*** Data to examine Section Begins ***

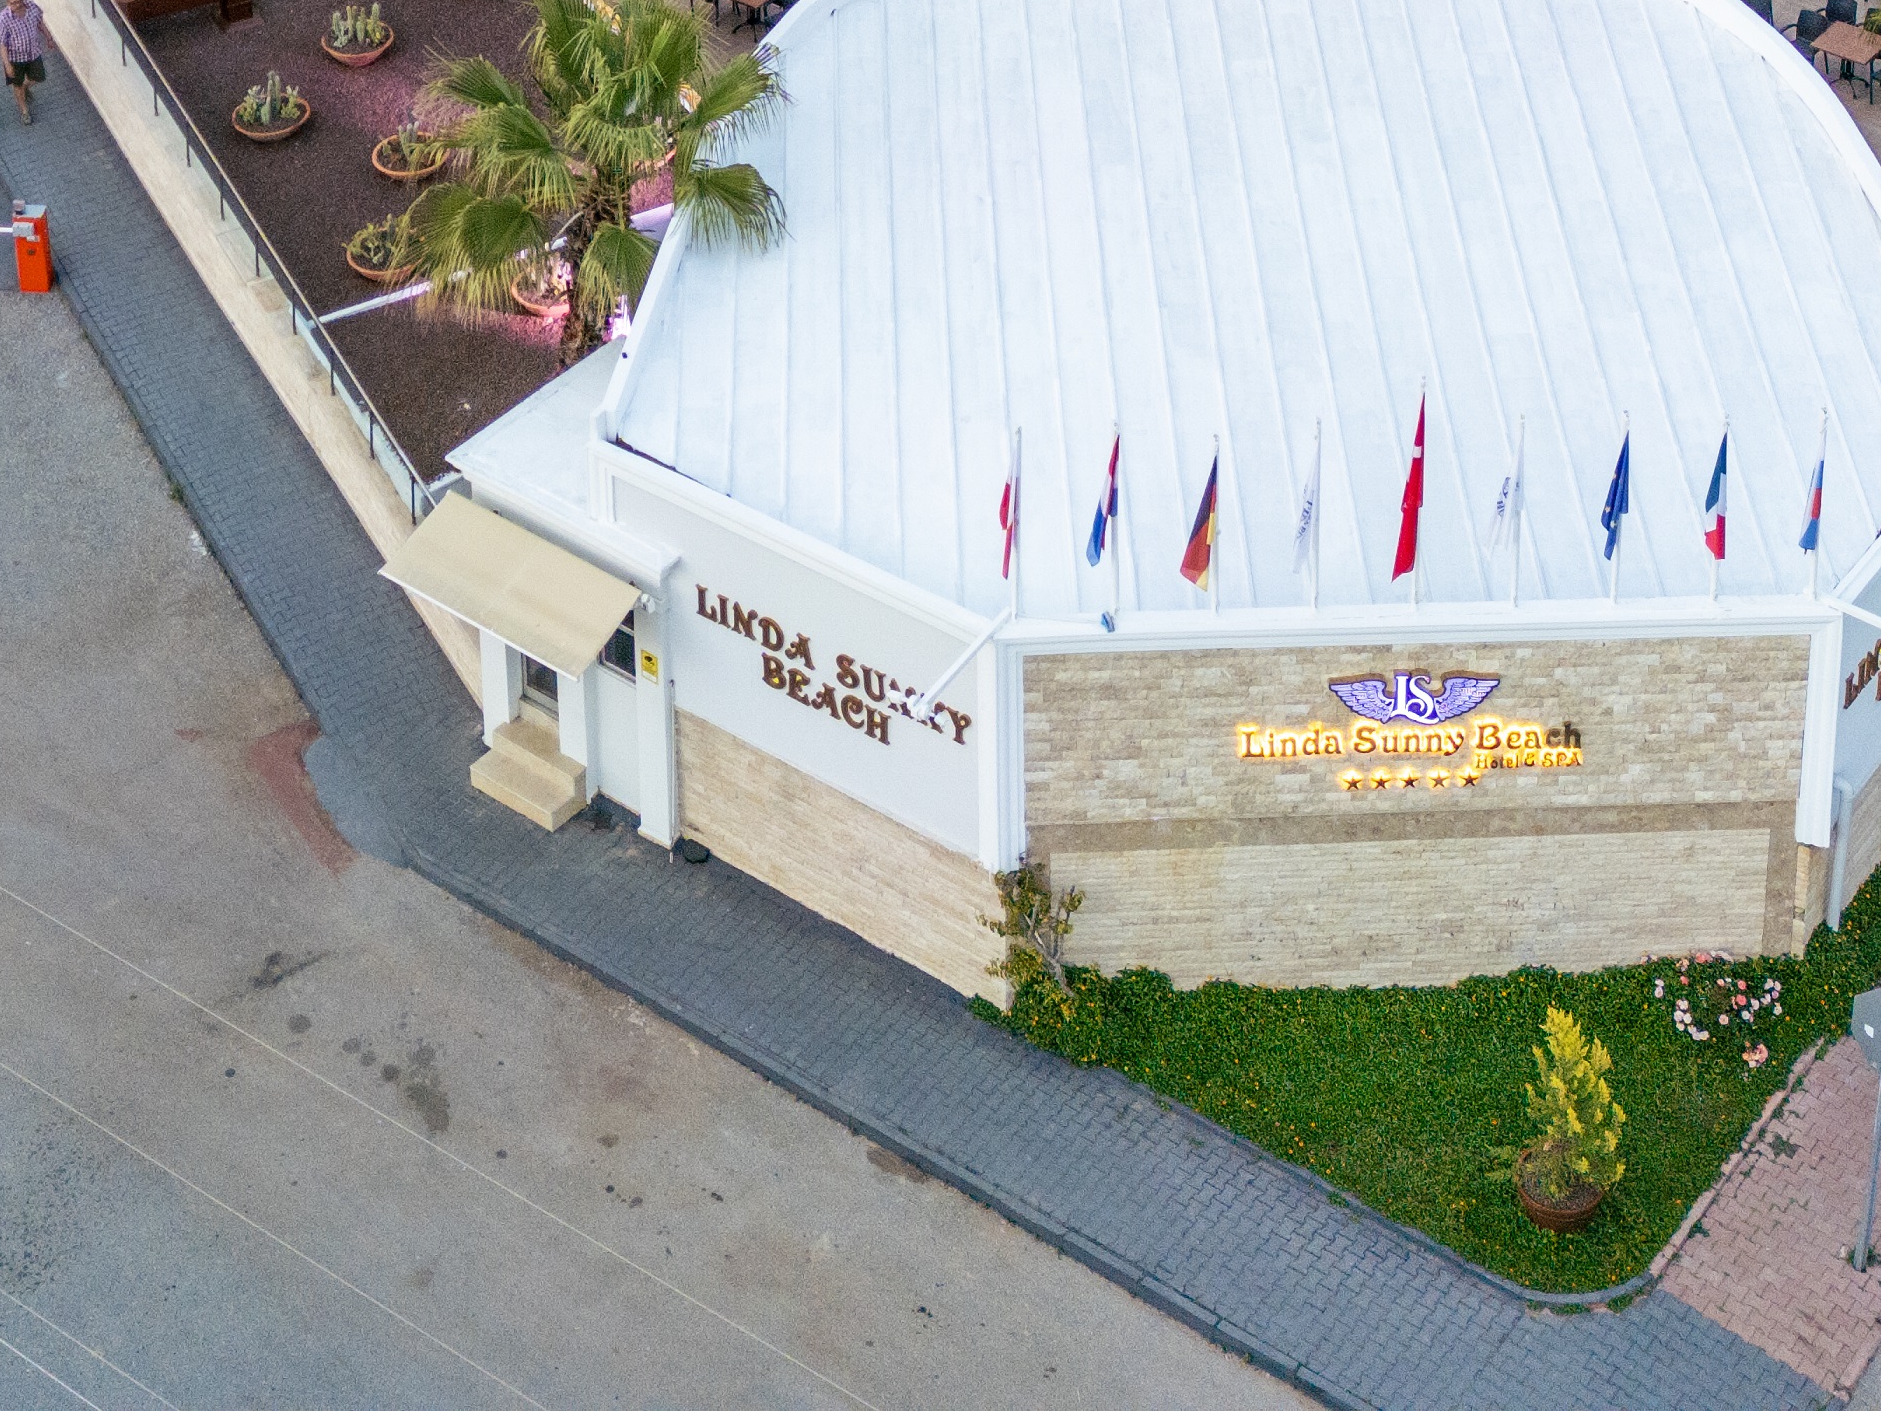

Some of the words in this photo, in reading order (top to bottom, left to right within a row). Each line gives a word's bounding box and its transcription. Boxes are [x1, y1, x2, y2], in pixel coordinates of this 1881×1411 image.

[695, 583, 815, 671] LINDA
[761, 651, 891, 746] BEACH
[1240, 722, 1342, 758] Linda
[1353, 726, 1465, 756] Sunny
[1476, 721, 1582, 750] Beach
[1476, 754, 1519, 769] Hotel
[1524, 752, 1535, 767] &
[1542, 752, 1581, 768] SPA
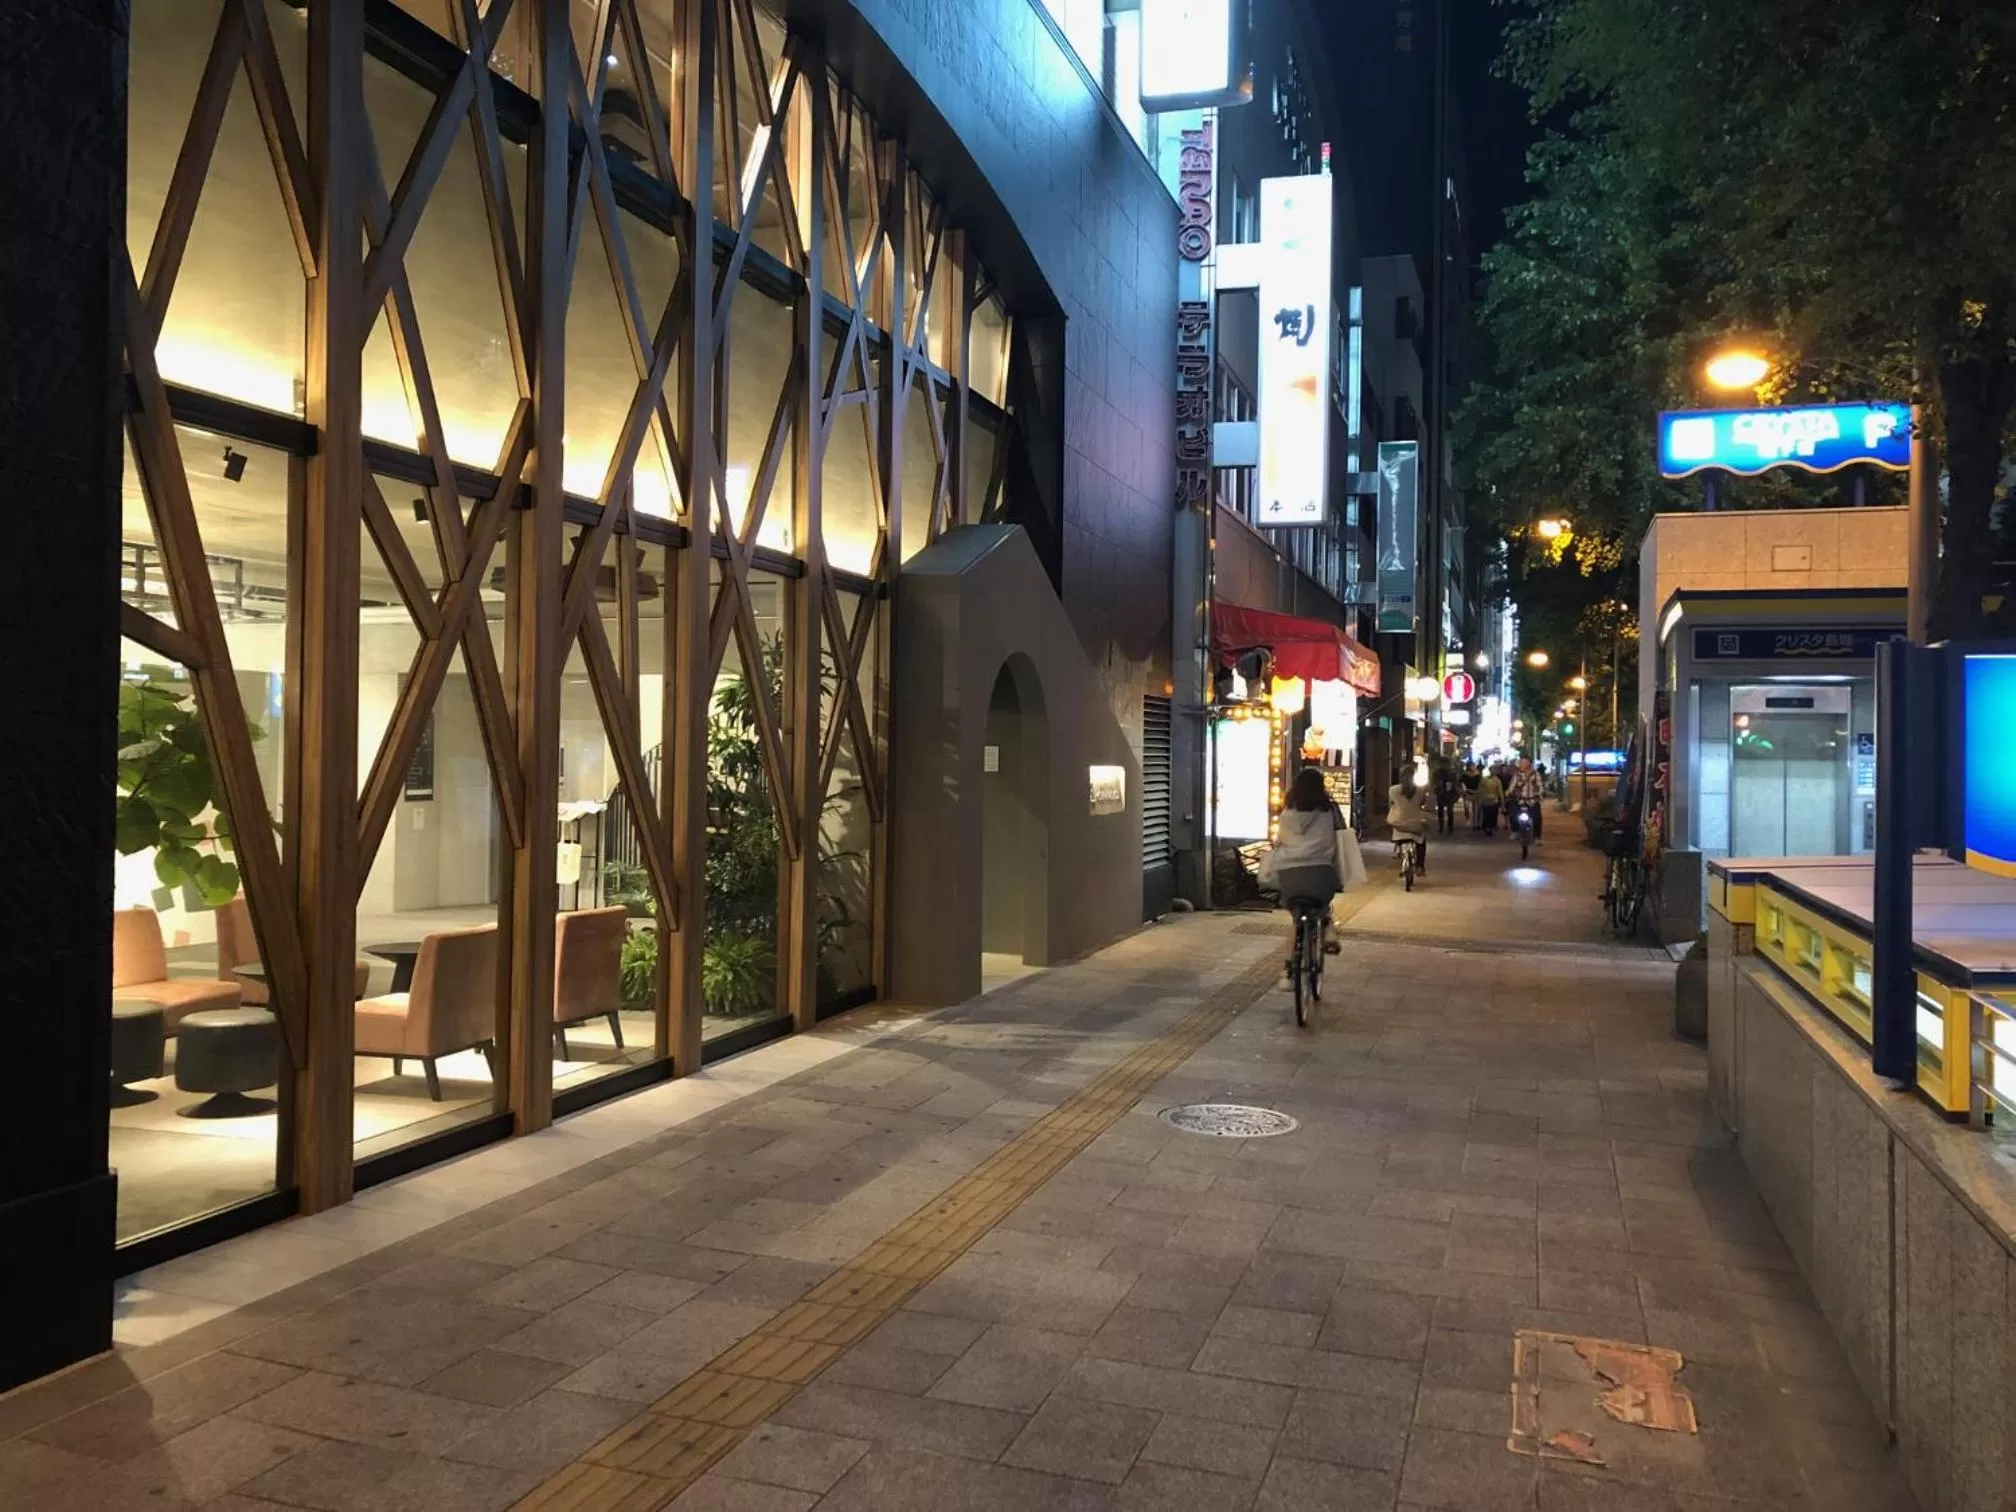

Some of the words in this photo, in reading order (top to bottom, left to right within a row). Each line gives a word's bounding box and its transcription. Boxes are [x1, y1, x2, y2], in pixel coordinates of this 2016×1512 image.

[1178, 121, 1214, 263] TERAO
[1175, 301, 1210, 502] テラオビル

*** Data to examine Section Ends ***

• What is expected:
Pictures aside, return all the entries above exactly.

• Exercise solution:
Some of the words in this photo, in reading order (top to bottom, left to right within a row). Each line gives a word's bounding box and its transcription. Boxes are [x1, y1, x2, y2], in pixel coordinates of this 1881×1411 image.

[695, 583, 815, 671] LINDA
[761, 651, 891, 746] BEACH
[1240, 722, 1342, 758] Linda
[1353, 726, 1465, 756] Sunny
[1476, 721, 1582, 750] Beach
[1476, 754, 1519, 769] Hotel
[1524, 752, 1535, 767] &
[1542, 752, 1581, 768] SPA

Some of the words in this photo, in reading order (top to bottom, left to right within a row). Each line gives a word's bounding box and its transcription. Boxes are [x1, y1, x2, y2], in pixel coordinates of this 2016×1512 image.

[1178, 121, 1214, 263] TERAO
[1175, 301, 1210, 502] テラオビル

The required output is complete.